During a fiery news conference that lasted nearly an hour, Gov. Paul LePage pledged Friday to veto every bill sponsored by a Democrat until his opposition relents and accepts his constitutional amendment to eliminate Maine's income tax. LePage this year has proposed a constitutional amendment that would eliminate the state's income tax by the year 2020. Republicans, who have shied away from the governor's more comprehensive tax reform efforts, have rallied around the amendment. Democrats have opposed it, sparking LePage's trademark fury during a news conference at the Blaine House.

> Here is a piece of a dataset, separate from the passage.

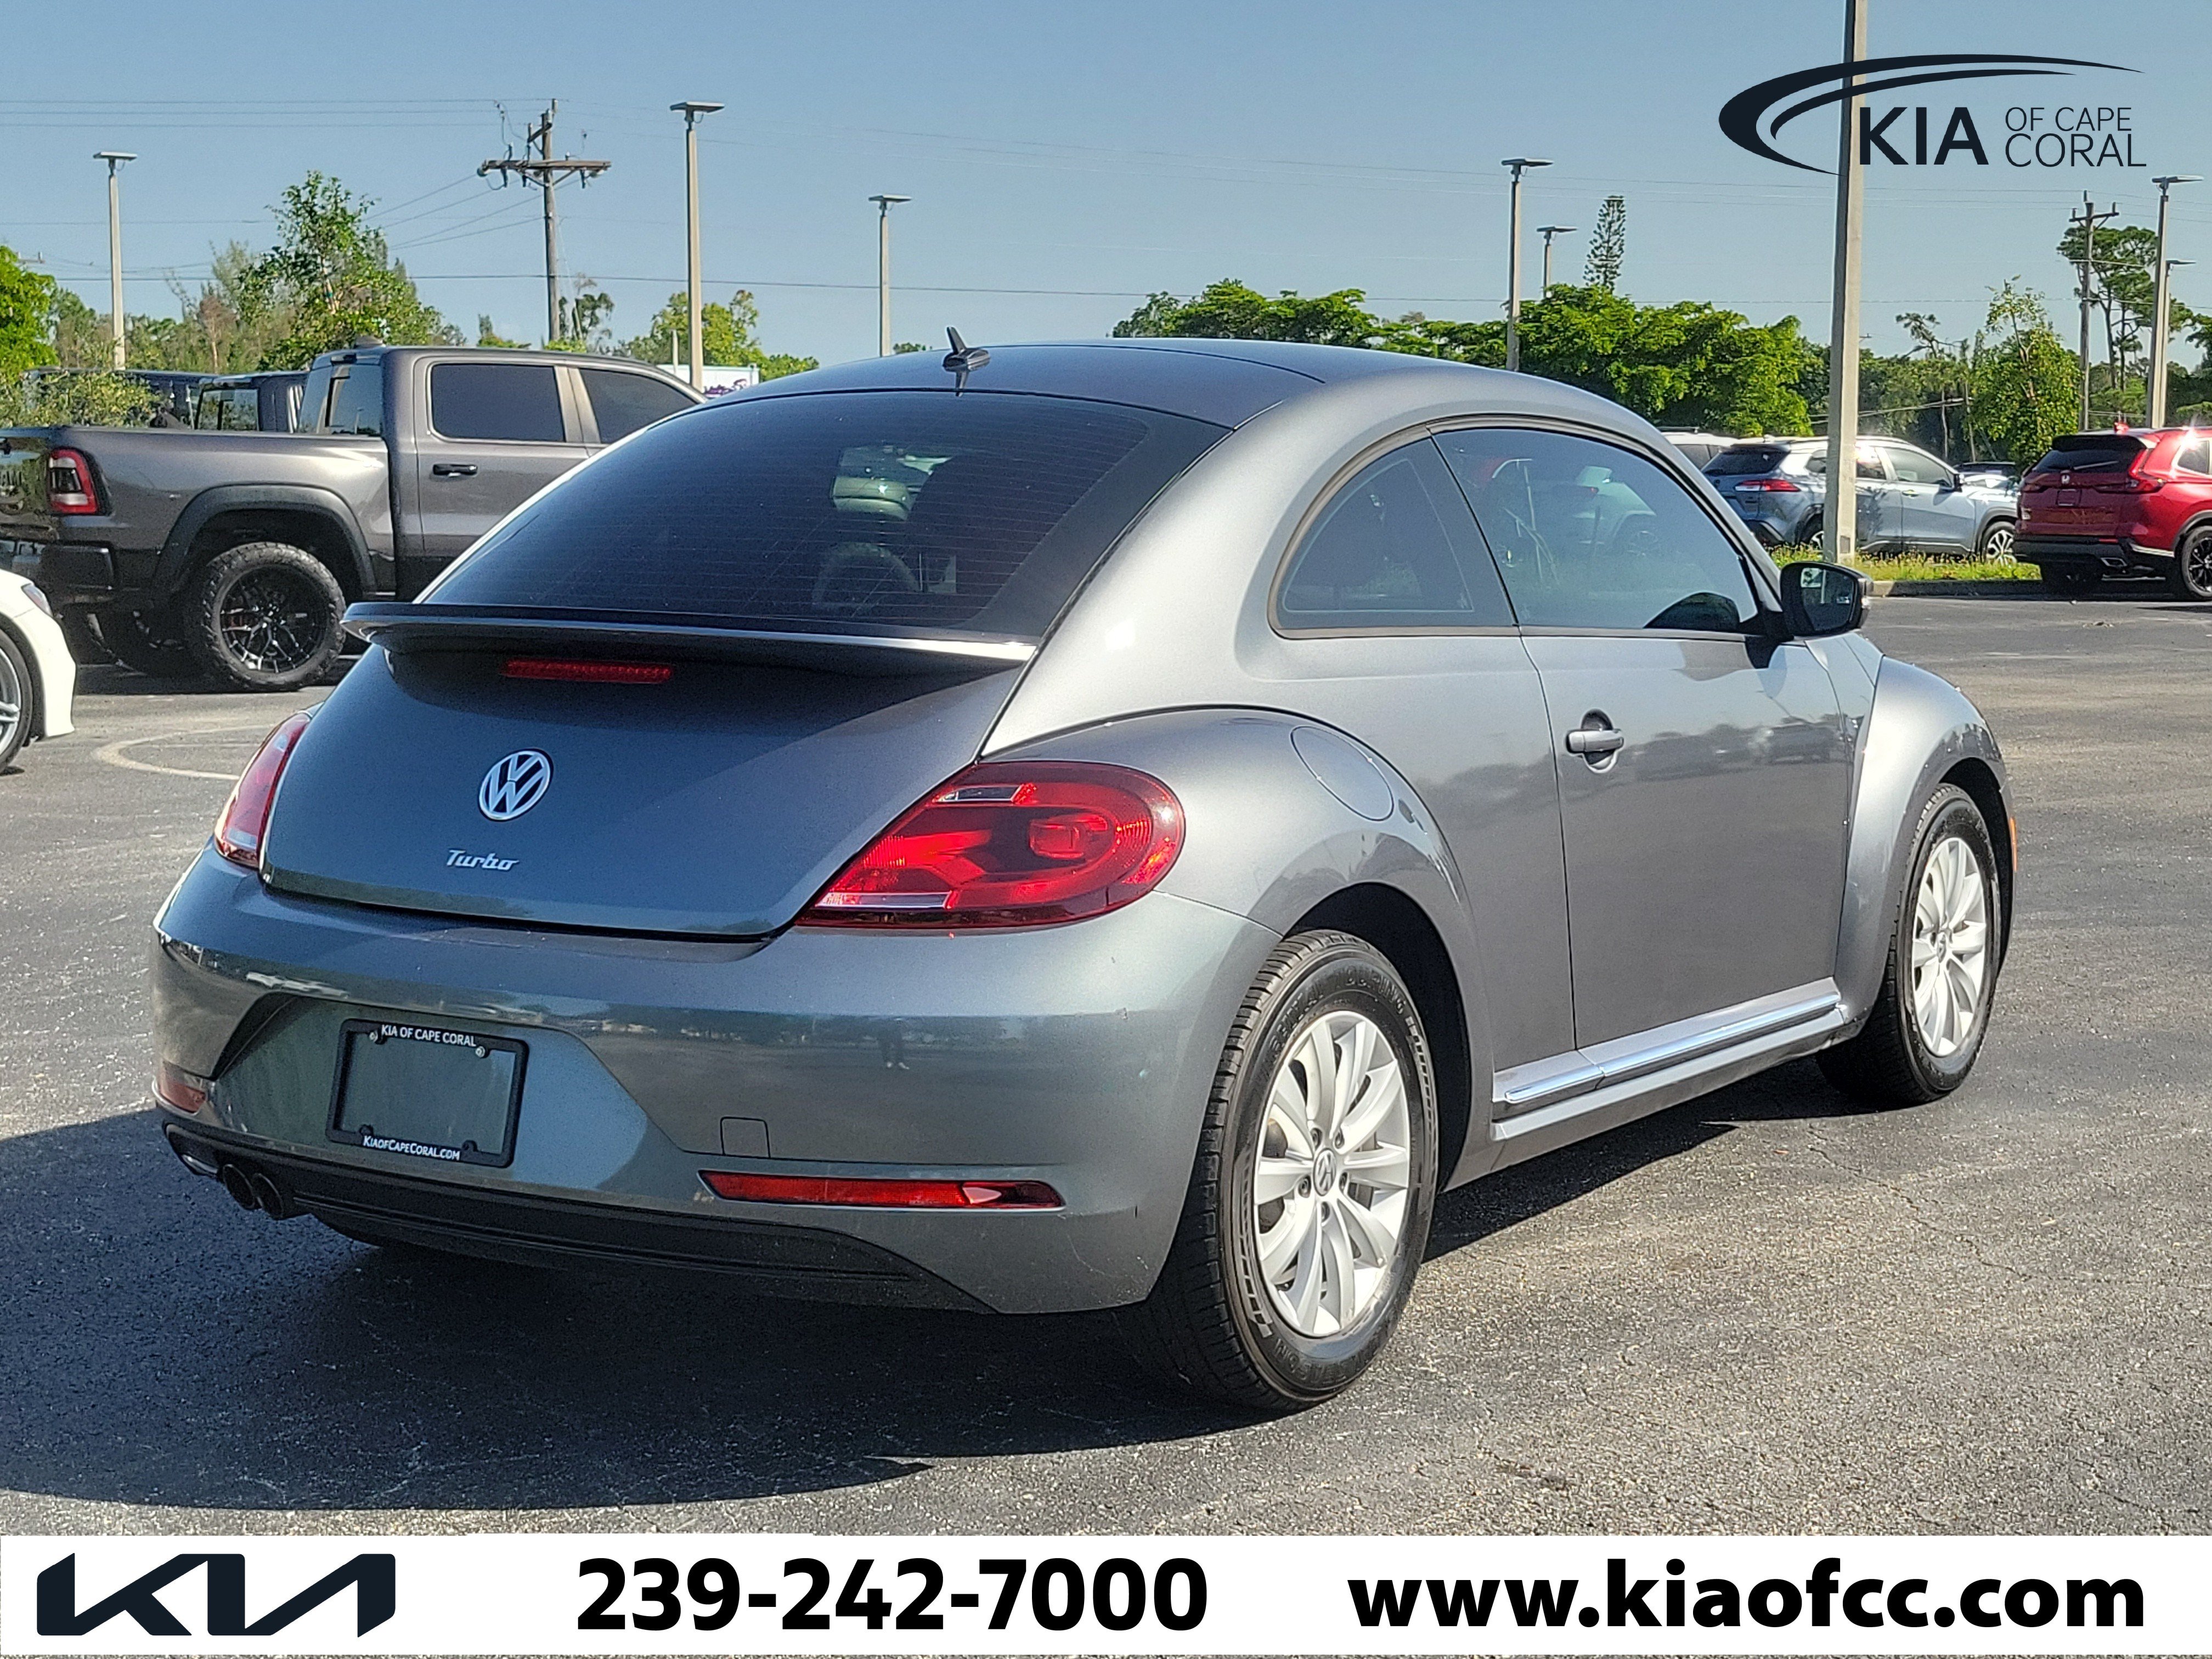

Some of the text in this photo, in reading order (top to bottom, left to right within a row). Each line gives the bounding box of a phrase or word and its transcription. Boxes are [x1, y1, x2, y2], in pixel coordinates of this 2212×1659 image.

[447, 850, 520, 871] Turbo
[381, 1024, 476, 1047] KIA OF CAPE CORAL

The far-right governor, who won twice after the mainstream vote was split in three-way contests, is still willing to sign legislation sponsored by members of his party. It's just Democrats whose bills he's vowed to kill without regard for merit.
 
It's worth noting that Maine's state legislature is split -- there's a Democratic majority in the state House and a Republican majority in the state Senate.
 
As far as LePage is concerned, it's a simple calculus: Maine Democrats should no longer be allowed to write laws because they're blocking his plan to hold a statewide vote on a constitutional amendment scrapping the state income tax.
 
"The Maine people deserve to have a say in the income tax, and until they lift it, that's my leverage," he said Friday. "And, yes, is that politics? I'm playing their game. I am finally learning to play the game of the politician. And it's despicable what they are doing."
 
Well, that's certainly one way to look at it.
 
The other way is to note that LePage's plan to scrap the state income tax would replace lost revenue in the most regressive way possible -- primarily by counting on higher sales taxes -- shifting state tax burdens onto those who can least afford it.
 
Following the governor's tantrum, State House Majority Leader Jeff McCabe (D) described LePage as "angry," "unglued" and "unhinged," which under the circumstances, seemed quite fair.
 
Let's not forget, by the way, that this isn't LePage's first demand for redistributing wealth from the bottom up. In 2011, the Republican cut the top marginal rate for the wealthiest earners, and Maine's revenues still haven't fully recovered.